A remaining explanation that matches all the known facts right now is that
PRISM is a data format or data standard. It makes the process more efficient
since it doesn't require the NSA to adapt disparate data sources from
different web companies.

One of the other slides mentions that this is a big problem for SIGINT at NSA.
PRISM being a data standard would also explain why the program only cost the
NSA $20M.

The difference between the tech companies participating in the program would
be how they implemented it - perhaps Google push the data to the NSA but it
sounds like other participants let the NSA pull the data (or they store it on
a third server which the NSA retrieves from - the lockbox).

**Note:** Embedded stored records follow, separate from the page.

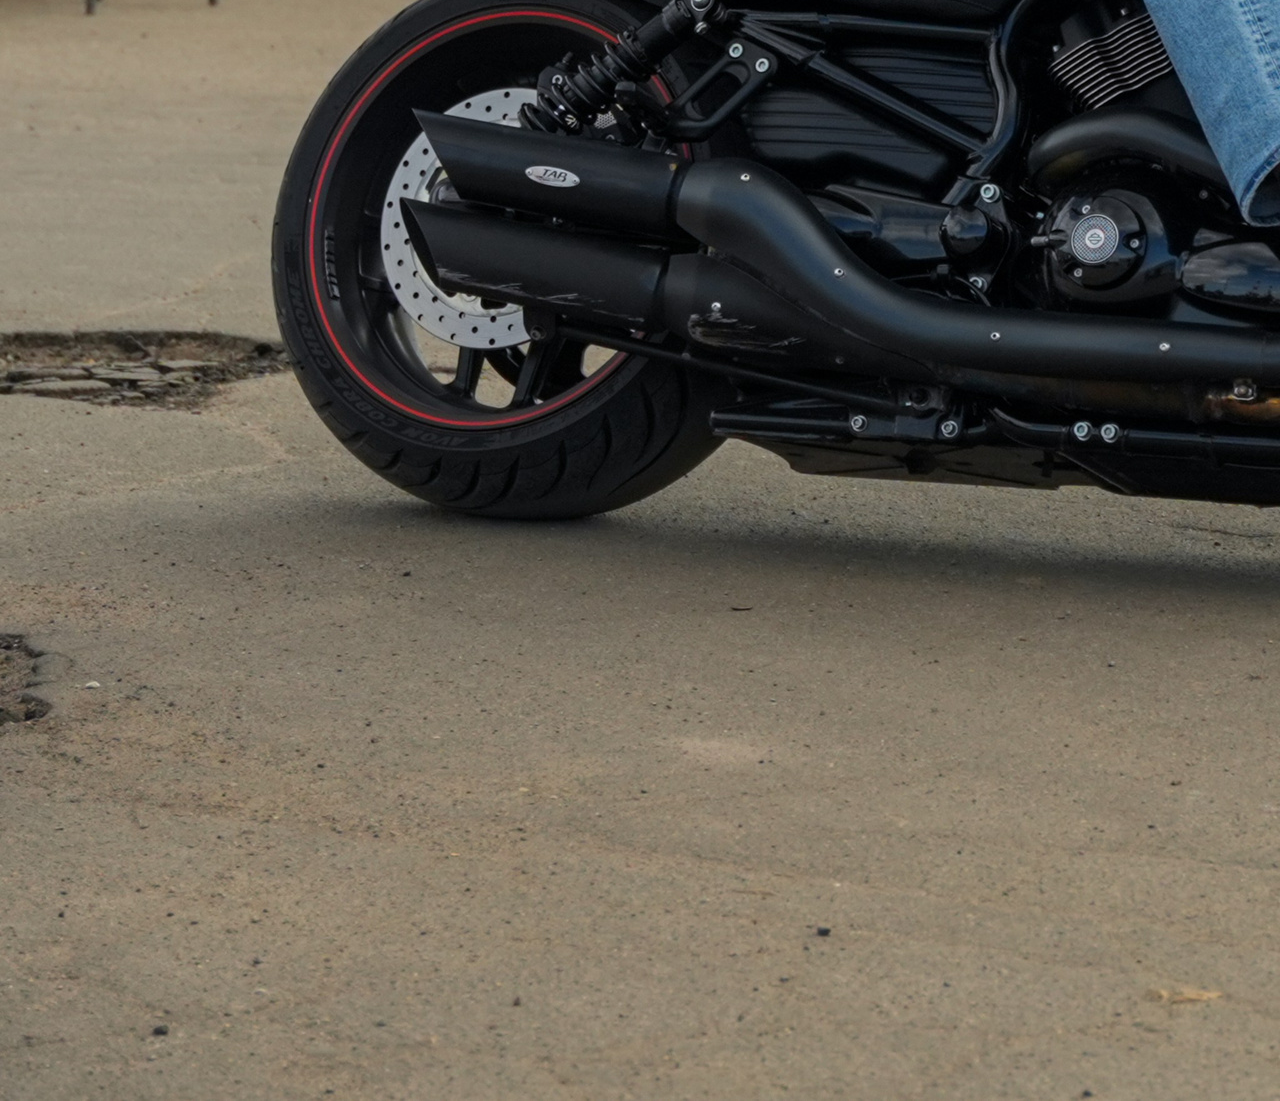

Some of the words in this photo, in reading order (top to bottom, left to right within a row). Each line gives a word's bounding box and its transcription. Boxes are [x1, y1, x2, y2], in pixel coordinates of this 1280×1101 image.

[288, 268, 331, 373] CHROME
[332, 375, 397, 431] COBRA
[401, 423, 468, 448] AVON
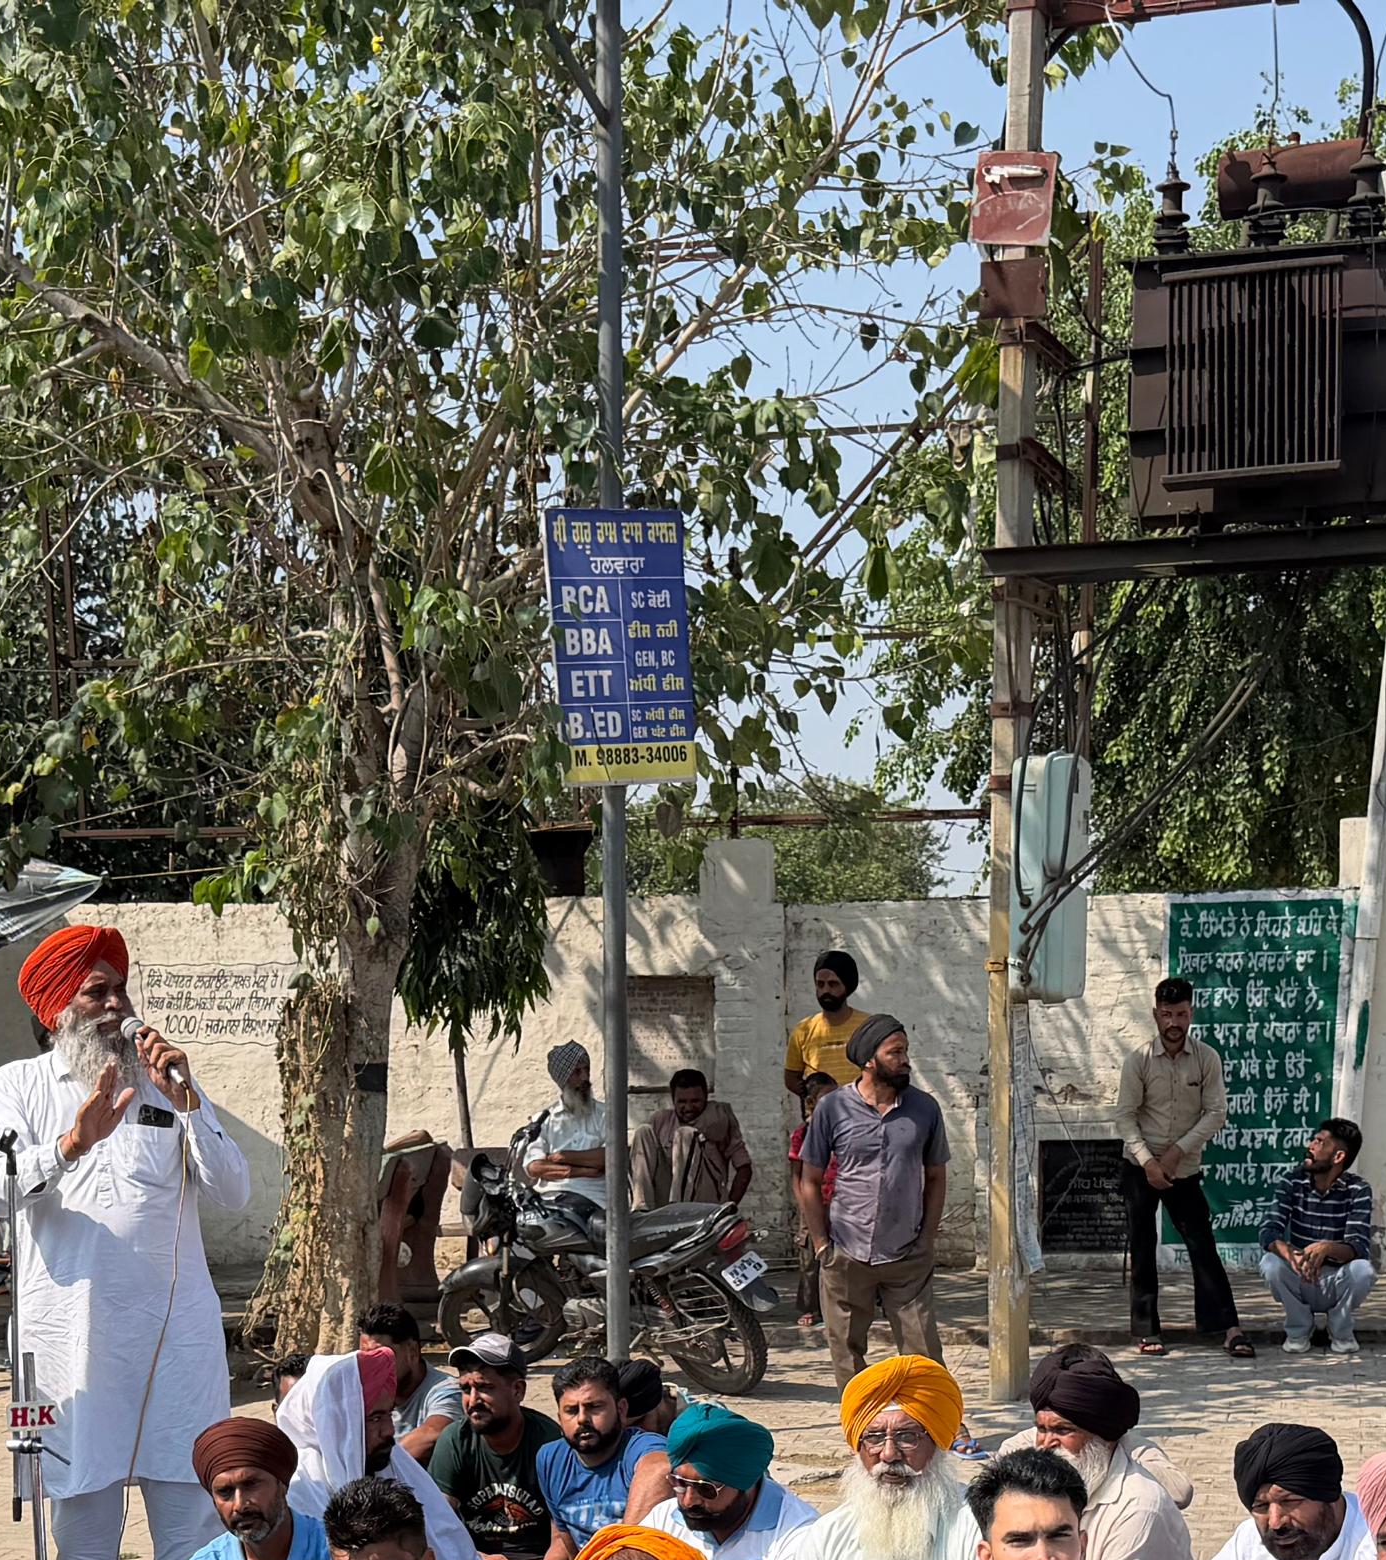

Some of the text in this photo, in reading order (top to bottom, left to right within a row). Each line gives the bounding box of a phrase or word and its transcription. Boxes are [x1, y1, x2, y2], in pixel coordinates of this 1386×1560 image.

[571, 522, 592, 555] ਗੁਰੂ
[595, 522, 618, 543] ਰਾਮ
[621, 522, 643, 543] ਦਾਸ
[646, 522, 678, 543] ਕਾਲਜ
[590, 557, 645, 575] ਹਲਵਾਰਾ
[561, 585, 611, 614] BCA
[631, 589, 671, 609] SC ਕੋਈ
[565, 628, 613, 656] BBA
[661, 649, 676, 667] BC
[570, 670, 613, 697] ETT
[569, 711, 622, 739] B.ED
[631, 710, 642, 722] SC
[633, 726, 648, 740] GEN
[597, 744, 687, 766] 98883-34006
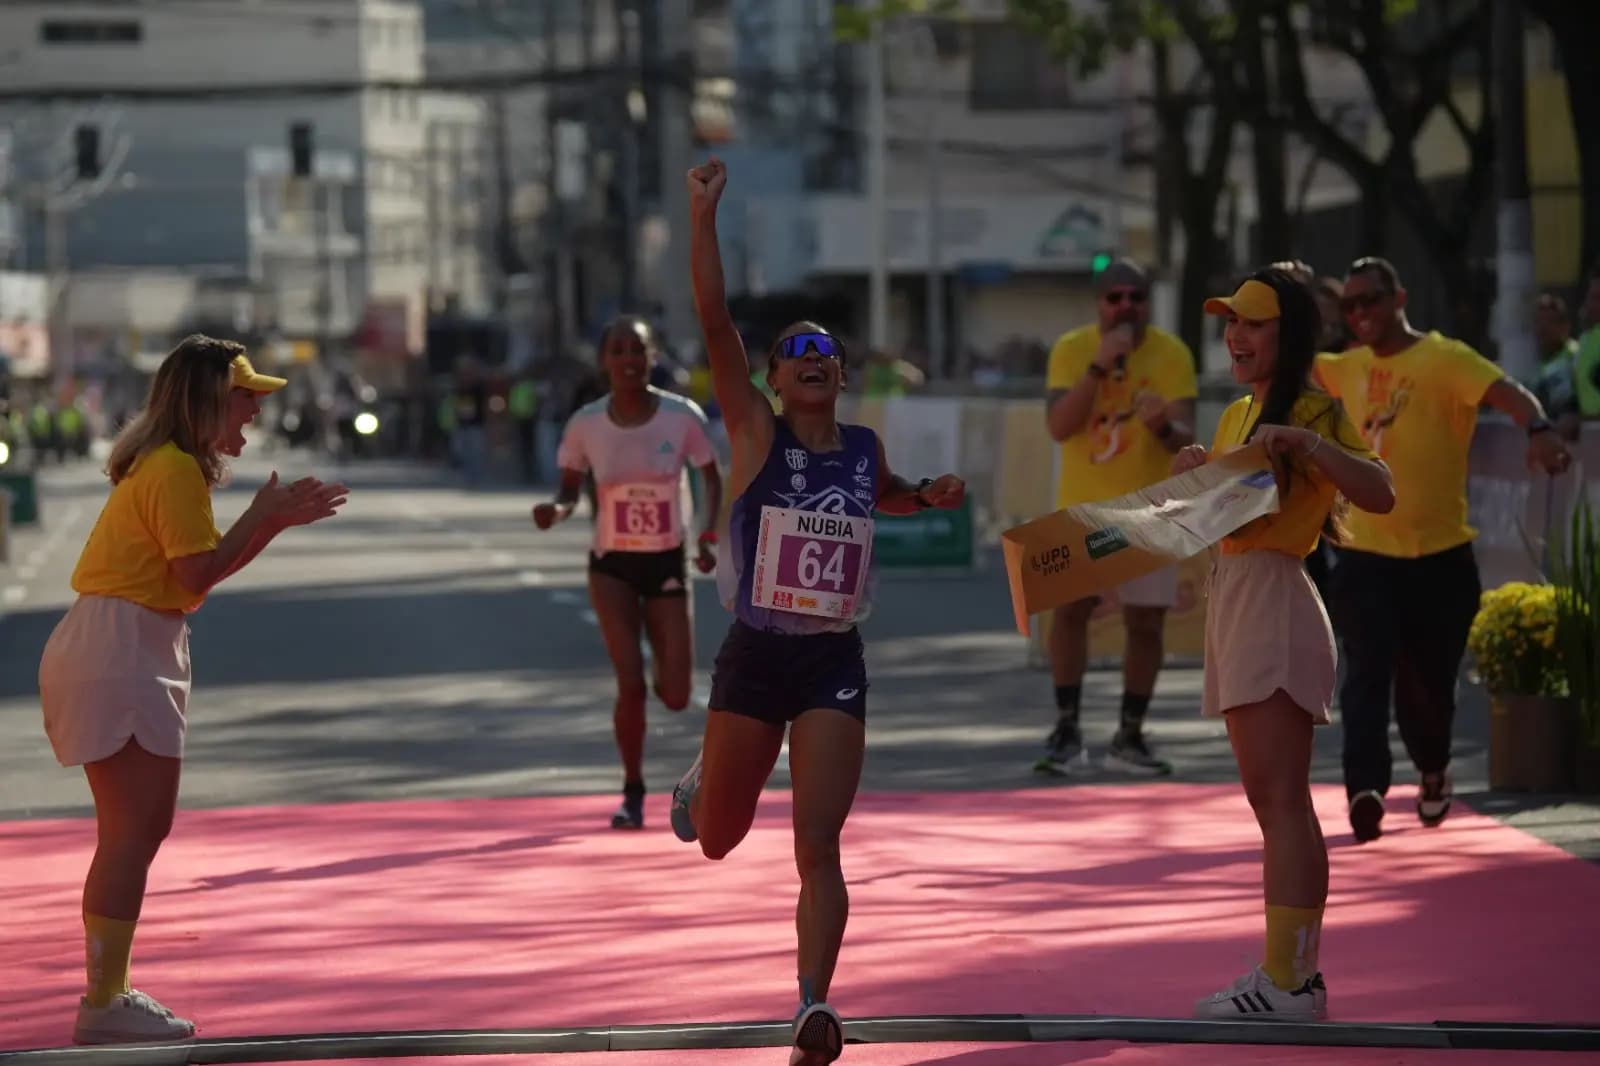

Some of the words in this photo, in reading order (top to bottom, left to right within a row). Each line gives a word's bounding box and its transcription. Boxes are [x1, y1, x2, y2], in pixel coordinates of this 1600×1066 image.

[626, 501, 661, 535] 63
[798, 515, 854, 538] NÚBIA
[797, 540, 846, 591] 64

Also, saying that the requests are 'legal' isn't reassuring, since a large
part of the recent NSA revenlations is the world finding out just what the
Obama administration considers to be 'legal'.

Legal means nothing more than finding a government lawyer who will write an
opinion that blanket metadata requests or pulling or pushing data from
Facebook and Google is legal. The opinion is classified, the court arguments
are classified, there is only the government at the court and it is presented
to a judge who is appointed by the government.

Exact same thing happen with John Yoo and his legal opinion that the torture
the government was carrying out was legal[1]. When the rest of the world found
out just what the government considered legal, it very quickly became
_illegal_.

[1]
[http://en.wikipedia.org/wiki/Torture_Memos](http://en.wikipedia.org/wiki/Torture_Memos)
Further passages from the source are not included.